DATASET EXTRACT: Begin

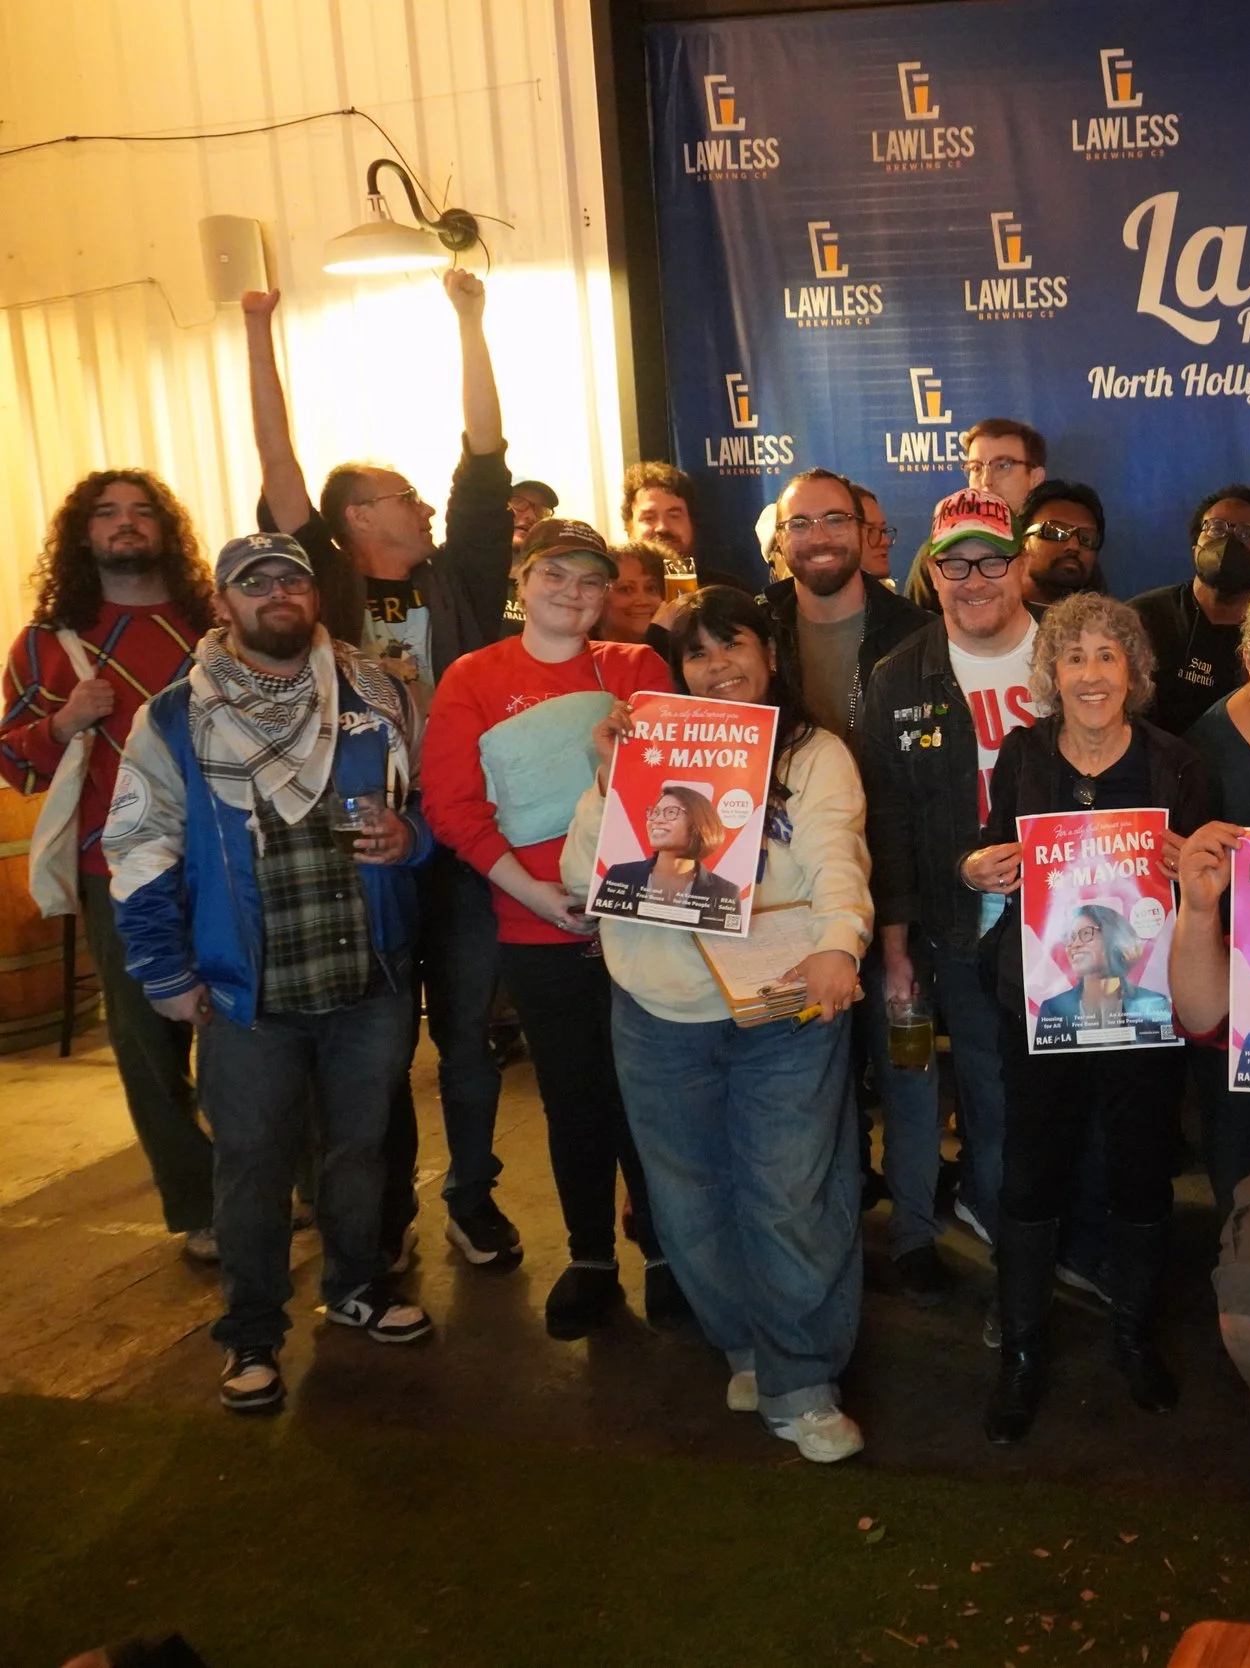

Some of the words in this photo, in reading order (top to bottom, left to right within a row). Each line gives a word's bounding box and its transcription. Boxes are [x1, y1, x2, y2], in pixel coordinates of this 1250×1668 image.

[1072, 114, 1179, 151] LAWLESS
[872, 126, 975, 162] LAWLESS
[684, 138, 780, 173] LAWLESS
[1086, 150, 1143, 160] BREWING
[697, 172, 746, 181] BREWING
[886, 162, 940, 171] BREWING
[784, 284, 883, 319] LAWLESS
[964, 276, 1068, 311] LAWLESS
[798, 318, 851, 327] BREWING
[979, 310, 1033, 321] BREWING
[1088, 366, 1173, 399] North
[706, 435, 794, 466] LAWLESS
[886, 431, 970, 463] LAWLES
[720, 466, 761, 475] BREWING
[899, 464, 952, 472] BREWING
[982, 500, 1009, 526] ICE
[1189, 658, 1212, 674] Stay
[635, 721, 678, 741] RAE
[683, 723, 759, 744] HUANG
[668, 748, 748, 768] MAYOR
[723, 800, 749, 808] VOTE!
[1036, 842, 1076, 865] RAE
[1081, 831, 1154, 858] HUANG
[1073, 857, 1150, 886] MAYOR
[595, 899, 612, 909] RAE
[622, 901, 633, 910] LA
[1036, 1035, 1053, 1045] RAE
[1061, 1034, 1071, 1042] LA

DATASET EXTRACT: End

Repeat every record above exactly. The pictures do not belong in the copy.

Some of the words in this photo, in reading order (top to bottom, left to right within a row). Each line gives a word's bounding box and its transcription. Boxes are [x1, y1, x2, y2], in pixel coordinates of this 1250×1668 image.

[1072, 114, 1179, 151] LAWLESS
[872, 126, 975, 162] LAWLESS
[684, 138, 780, 173] LAWLESS
[1086, 150, 1143, 160] BREWING
[697, 172, 746, 181] BREWING
[886, 162, 940, 171] BREWING
[784, 284, 883, 319] LAWLESS
[964, 276, 1068, 311] LAWLESS
[798, 318, 851, 327] BREWING
[979, 310, 1033, 321] BREWING
[1088, 366, 1173, 399] North
[706, 435, 794, 466] LAWLESS
[886, 431, 970, 463] LAWLES
[720, 466, 761, 475] BREWING
[899, 464, 952, 472] BREWING
[982, 500, 1009, 526] ICE
[1189, 658, 1212, 674] Stay
[635, 721, 678, 741] RAE
[683, 723, 759, 744] HUANG
[668, 748, 748, 768] MAYOR
[723, 800, 749, 808] VOTE!
[1036, 842, 1076, 865] RAE
[1081, 831, 1154, 858] HUANG
[1073, 857, 1150, 886] MAYOR
[595, 899, 612, 909] RAE
[622, 901, 633, 910] LA
[1036, 1035, 1053, 1045] RAE
[1061, 1034, 1071, 1042] LA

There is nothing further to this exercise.